Its business model is sound and enduring. In many respects, the Premier League is not far off the mark in claiming top rank. Certainly, it is a juggernaut that the corporate community wants to clamber onto. Across English cities, giant billboards shout out the competing claims of rival broadcasters for their dazzling coverage of the "Prem".

British television now considers the rights to show live top-flight football worth an investment of more than £1 billion (Dh5.7bn).

Globally, the show sells, too, which is why a large number of the 20 clubs embarking on the season have spent much of the last two months jetting across the globe to perform their warm-ups in Asia, Australasia, Africa and America.

Yet behind the bravado, the 2013/14 Premier League campaign begins in an unusually self-conscious, even insecure, state.

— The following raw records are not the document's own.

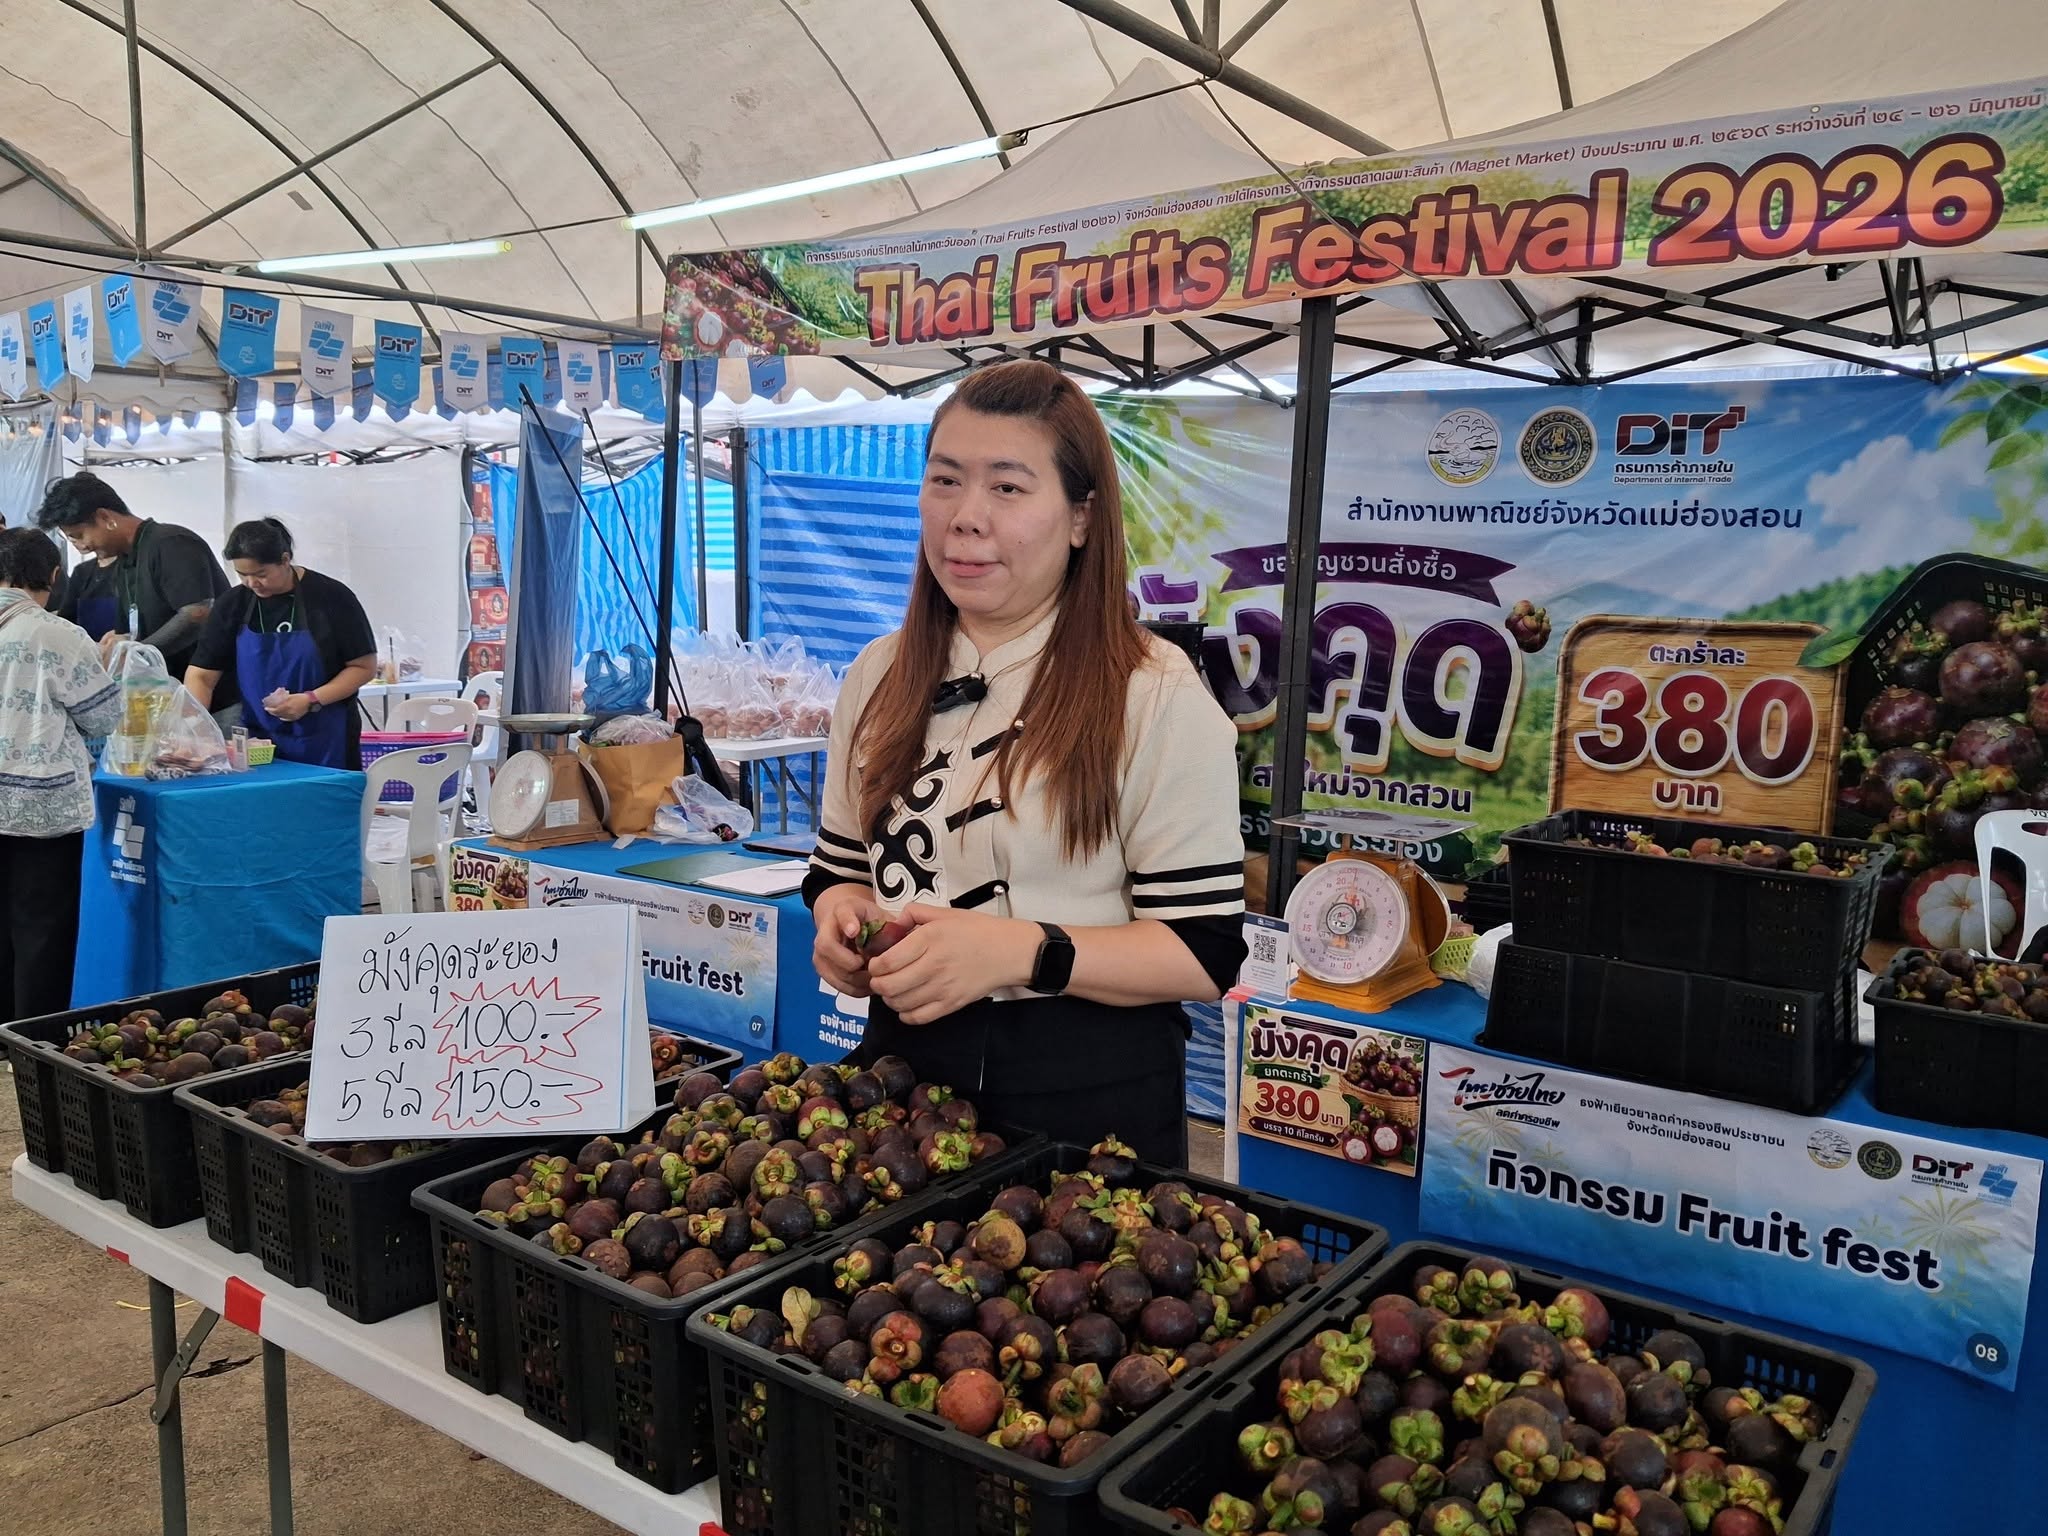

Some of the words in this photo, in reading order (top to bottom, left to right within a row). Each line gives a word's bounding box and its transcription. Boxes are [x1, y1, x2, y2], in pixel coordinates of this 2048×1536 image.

[979, 233, 1005, 248] (Thai
[1007, 227, 1035, 242] Fruits
[1038, 219, 1078, 236] Festival
[1081, 207, 1121, 229] ๒๐๒๖)
[1124, 196, 1213, 222] จังหวัดแม่ฮ่องสอน
[1449, 156, 1511, 175] (Magnet
[1515, 147, 1576, 166] Market)
[1580, 138, 1667, 160] ปีงบประมาณ
[1672, 132, 1704, 148] พ.ศ.
[1775, 106, 1867, 136] ระหว่างวันที่
[1968, 94, 2041, 116] มิถุนายน
[855, 254, 998, 347] Thai
[1010, 228, 1231, 333] Fruits
[1243, 167, 1626, 298] Festival
[1649, 133, 2005, 267] 2026
[1614, 475, 1663, 485] Department
[1664, 475, 1673, 484] of
[1674, 475, 1706, 484] Internal
[1708, 475, 1732, 484] Trade
[1615, 459, 1734, 474] กรมการค้าภายใน
[1346, 497, 1804, 529] สำนักงานพาณิชย์จังหวัดแม่ฮ่องสอน
[1138, 569, 1518, 766] ังคุด
[1649, 640, 1747, 666] ตะกร้าละ
[1576, 667, 1817, 785] 380
[1653, 779, 1723, 814] บาท
[453, 854, 496, 888] มังคุด
[455, 896, 484, 911] 380
[358, 926, 558, 1014] มังคุดระยอง
[698, 961, 745, 996] fest
[340, 1017, 374, 1058] 3
[384, 1003, 426, 1053] โล
[751, 1022, 762, 1032] 07
[819, 1030, 862, 1051] ลดค่าคร
[1251, 1019, 1349, 1075] มังคุด
[337, 1078, 366, 1122] 5
[375, 1062, 422, 1119] โล
[1264, 1066, 1313, 1084] ยกตะกร้า
[1439, 1066, 1566, 1106] ไทยช่วยไทย
[1255, 1082, 1320, 1121] 380
[1321, 1113, 1344, 1126] บาท
[1263, 1122, 1282, 1136] บรรจุ
[1285, 1126, 1294, 1135] 10
[1296, 1128, 1325, 1143] กิโลกรัม
[1580, 1098, 1785, 1147] ธงฟ้าเยียวยาลดค่าครองชีพประชาชน
[1627, 1120, 1731, 1151] จังหวัดแม่ฮ่องสอน
[1488, 1147, 1664, 1225] กิจกรรม
[1678, 1193, 1812, 1258] Fruit
[1822, 1228, 1939, 1290] fest
[1975, 1343, 1997, 1361] 08
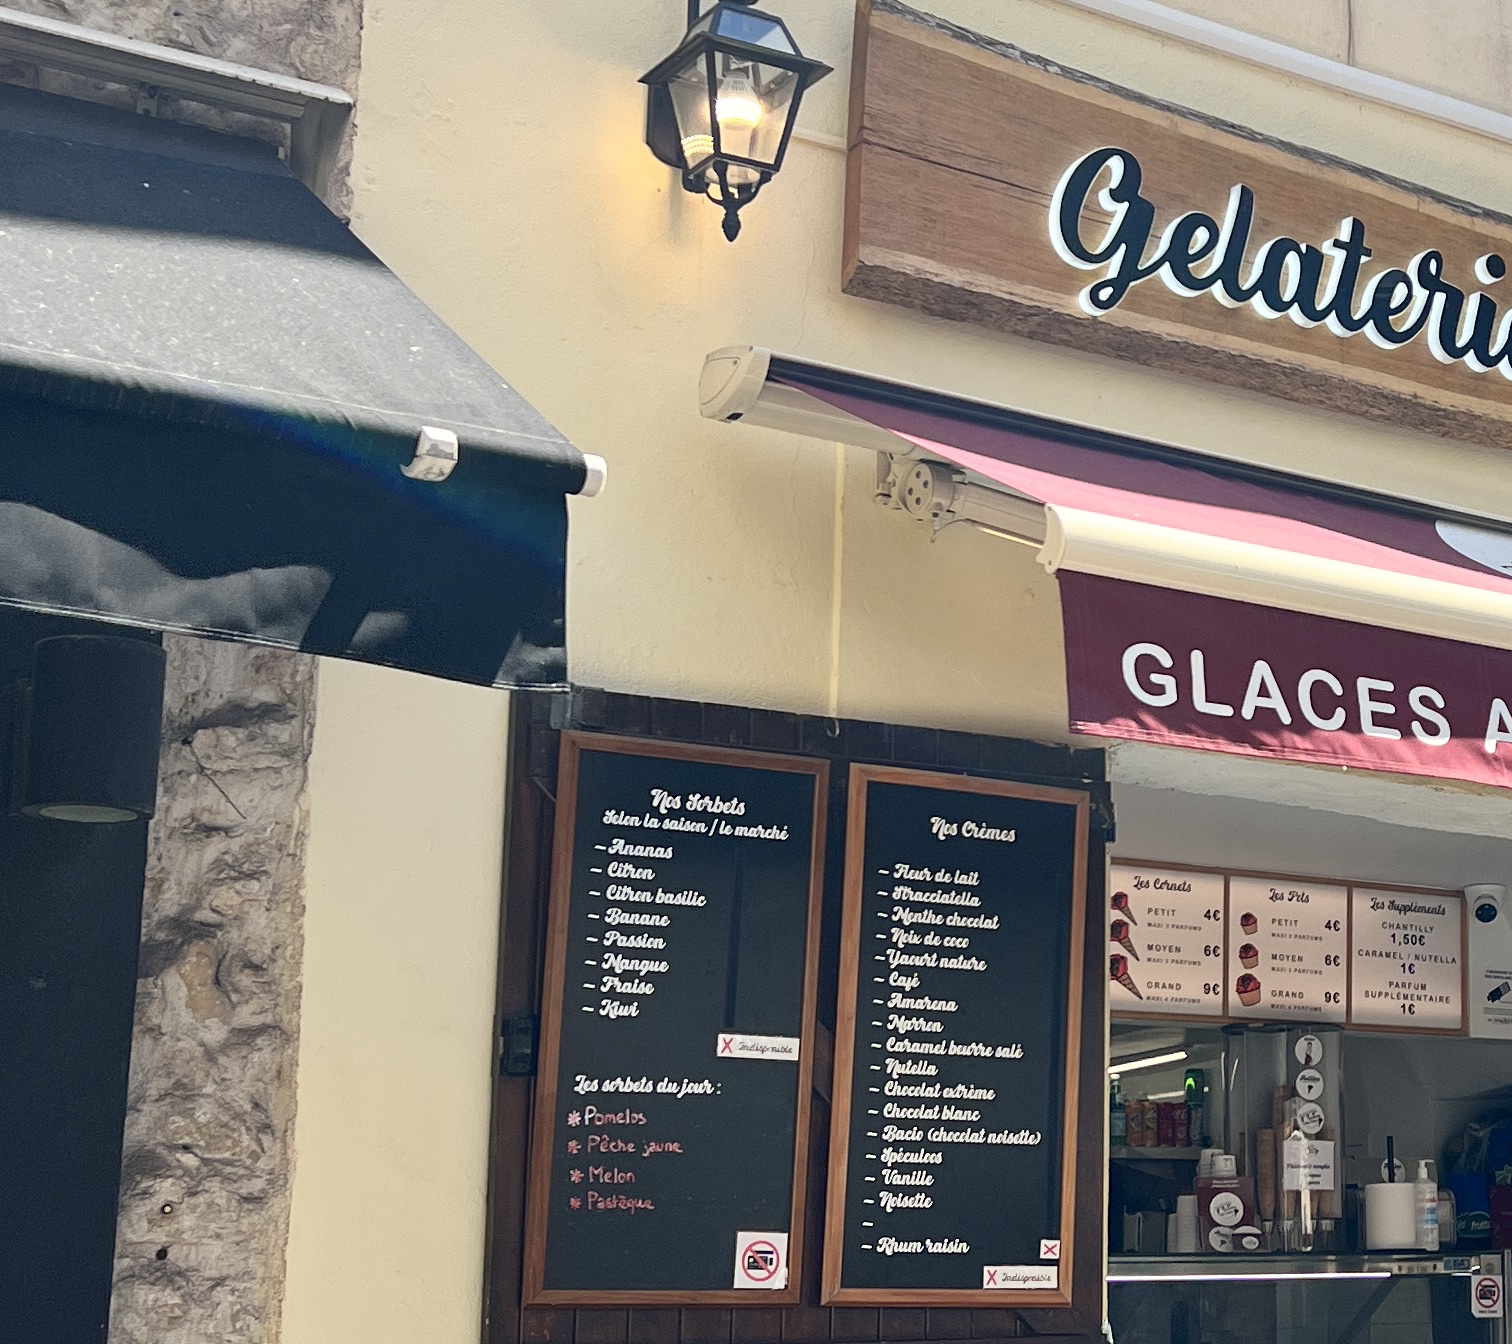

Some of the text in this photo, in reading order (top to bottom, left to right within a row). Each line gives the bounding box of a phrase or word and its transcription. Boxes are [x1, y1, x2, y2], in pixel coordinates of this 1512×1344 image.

[1120, 640, 1451, 748] GLACES
[650, 788, 746, 816] Nos Sorbets
[603, 809, 642, 827] Selon
[643, 813, 662, 829] la
[662, 817, 708, 833] saison
[719, 821, 733, 835] le
[734, 825, 789, 840] marché
[930, 816, 1016, 842] Nos Crèmes
[607, 838, 674, 859] Ananas
[607, 861, 656, 880] Citron
[893, 863, 981, 886] Fleur de lait
[1133, 875, 1192, 893] Les Cornets
[605, 884, 707, 907] Citron basilic
[892, 885, 982, 907] Stracciatella
[1269, 888, 1310, 903] Les Pots
[1147, 907, 1221, 921] PETIT 4€
[1370, 897, 1446, 916] Les Suppléments
[604, 907, 670, 927] Banane
[891, 906, 1000, 930] Menthe chocolat
[1271, 918, 1341, 931] PETIT 4€
[1381, 921, 1434, 933] CHANTILLY
[602, 930, 666, 951] Passion
[890, 927, 970, 949] Noix de coco
[1391, 933, 1426, 946] 1,50€
[886, 948, 987, 971] Yaourt nature
[1147, 943, 1221, 957] MOYEN 6€
[1271, 953, 1340, 967] MOYEN 6€
[1358, 949, 1457, 964] CARAMEL NUTELLA
[600, 952, 670, 977] Mangue
[1401, 962, 1416, 974] 1€
[600, 976, 655, 995] Fraise
[888, 971, 921, 992] Café
[1146, 981, 1220, 995] GRAND 9€
[1388, 981, 1427, 990] PARFUM
[887, 992, 958, 1012] Amarena
[1271, 990, 1340, 1004] GRAND 9€
[1364, 990, 1450, 1004] SUPPLÉMENTAIRE
[599, 999, 640, 1019] Kiwi
[1401, 1003, 1416, 1015] 1€
[887, 1014, 944, 1033] Marron
[885, 1036, 1024, 1059] Caramel beurre salé
[885, 1057, 939, 1079] Nutella
[573, 1074, 715, 1099] Les sorbets du jour
[883, 1080, 943, 1098] Chocolat
[584, 1105, 648, 1126] Pomelos
[883, 1102, 981, 1121] Chocolat blanc
[881, 1125, 1042, 1145] Bacio (chocolat noisette)
[587, 1135, 683, 1156] Pêche jaune
[880, 1147, 943, 1167] Spéculoos
[588, 1166, 636, 1184] Melon
[881, 1169, 934, 1187] Vanille
[879, 1191, 933, 1213] Noisette
[876, 1237, 970, 1256] Rhum raisin
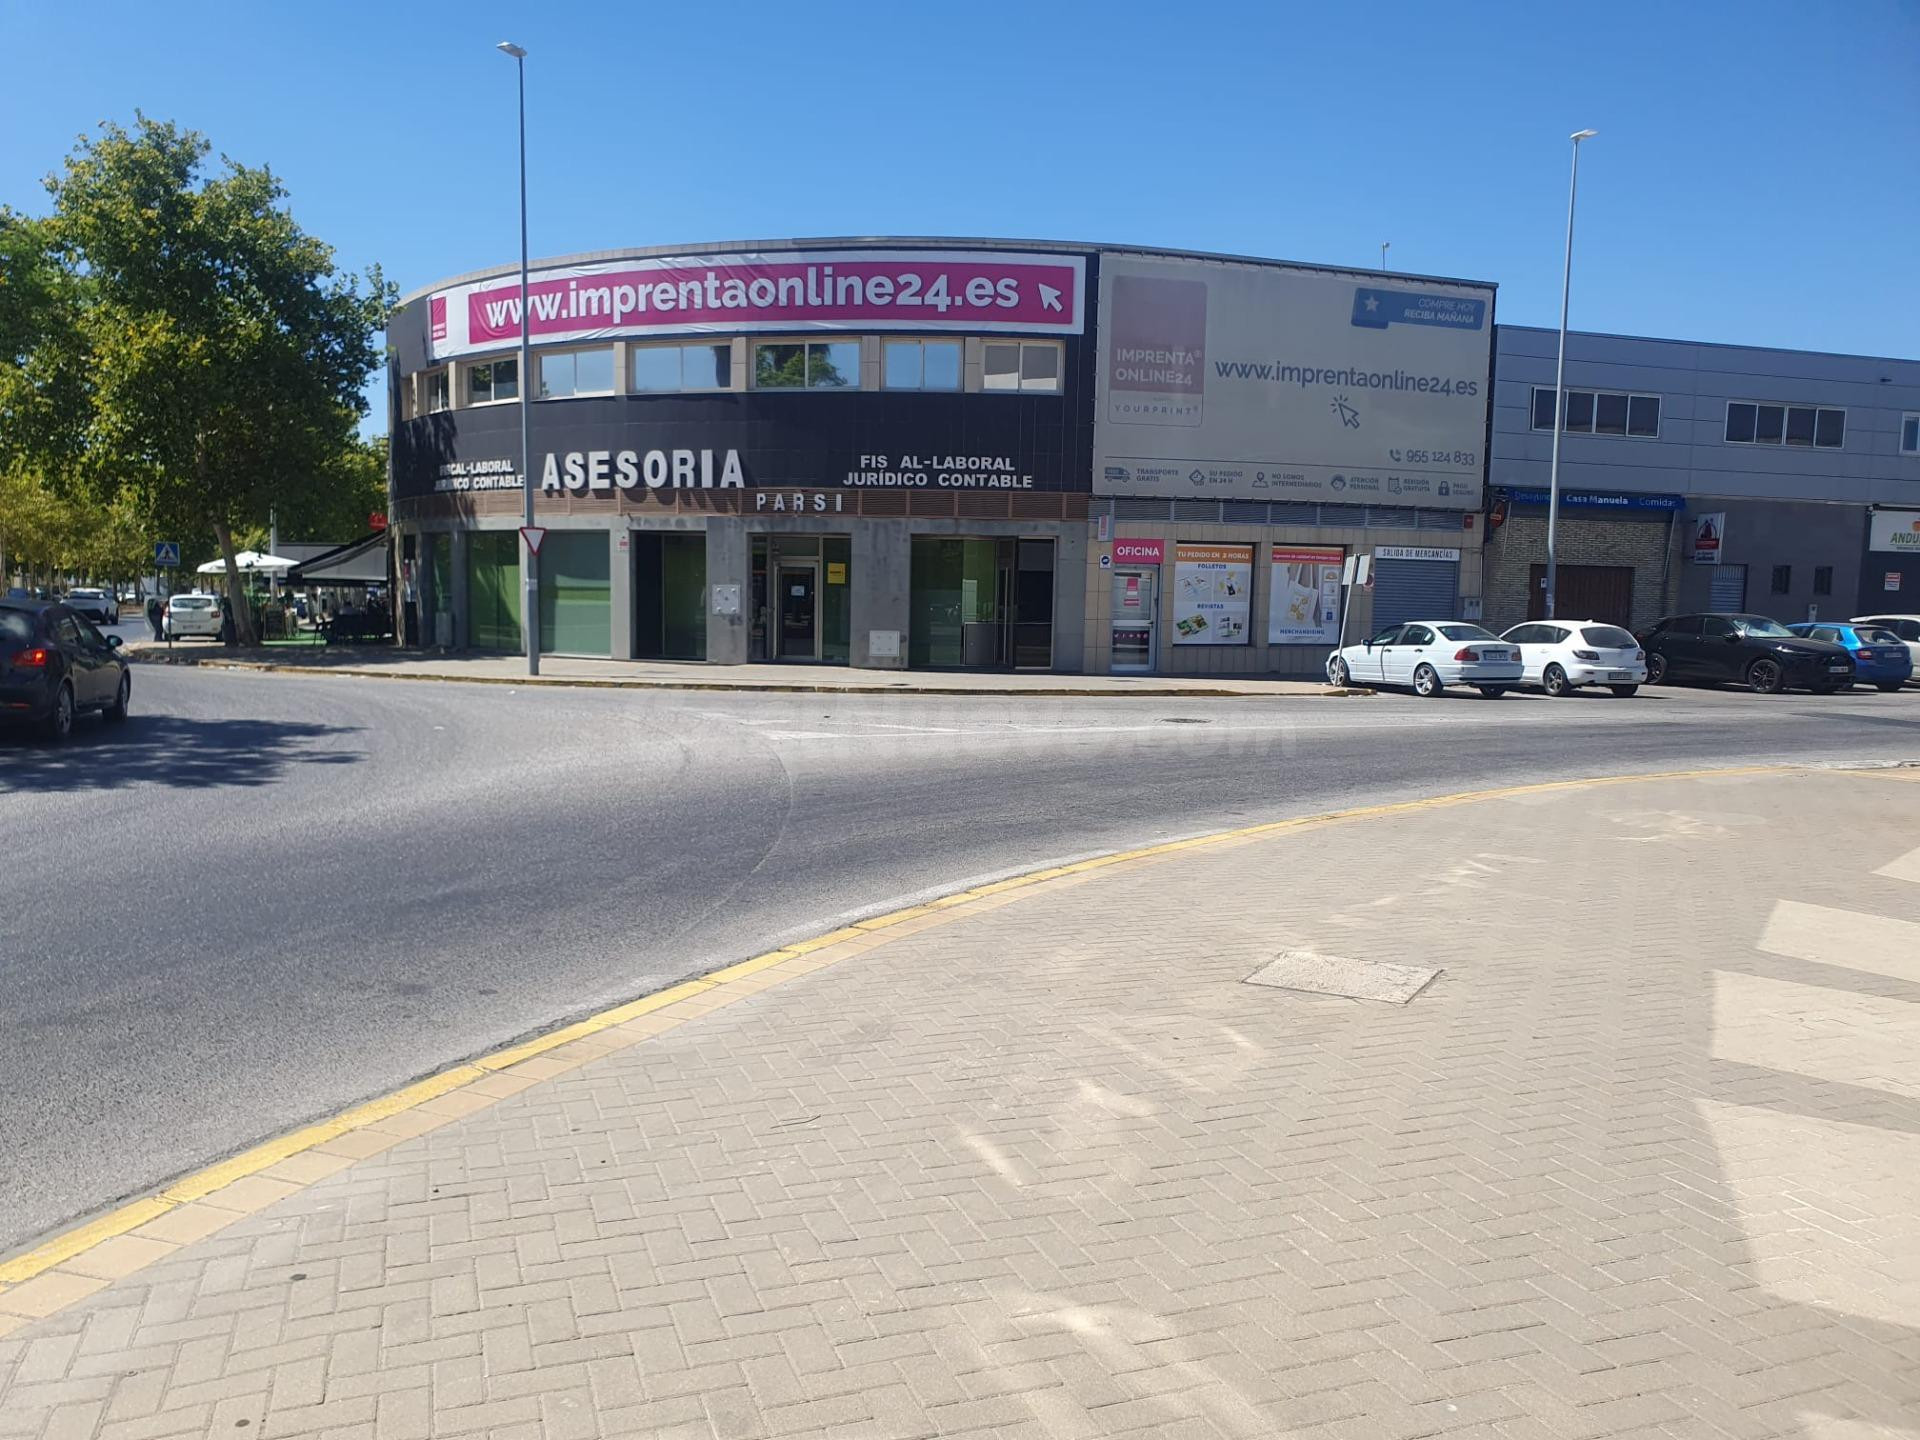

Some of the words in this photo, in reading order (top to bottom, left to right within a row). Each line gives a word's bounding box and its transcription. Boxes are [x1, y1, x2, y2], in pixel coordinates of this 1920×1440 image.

The pre-season catwalk which took Manchester United, Arsenal and others to the Far East, Chelsea to the States and elsewhere, and Manchester City to South Africa, has been played out to a background of unfamiliar impotency at the top table of the global transfer market, of targeted individual stars saying no to the English experience and choosing to move elsewhere.

The list features some fine South American strikers: Edinson Cavani, leaving Napoli, preferred Paris St Germain, having been made aware of interest from Chelsea and Manchester City. Gonzalo Higuain, attracted by Arsenal, was instead captured by Napoli.

A pair of Barcelona-bred midfielders, said no to Manchester United. Thiago Alacantara liked the idea of Bayern Munich more, while Cesc Fabregas wants to stay at Camp Nou.

The list extends to the likes of Henrik Mkhitaryan, the Armenian midfielder desired by Liverpool, but more inclined to join Borussia Dortmund. Meanwhile, Gareth Bale, probably the most highly valued British player in the Premier League, has an urge to grow as a player outside the Prem, specifically at Real Madrid.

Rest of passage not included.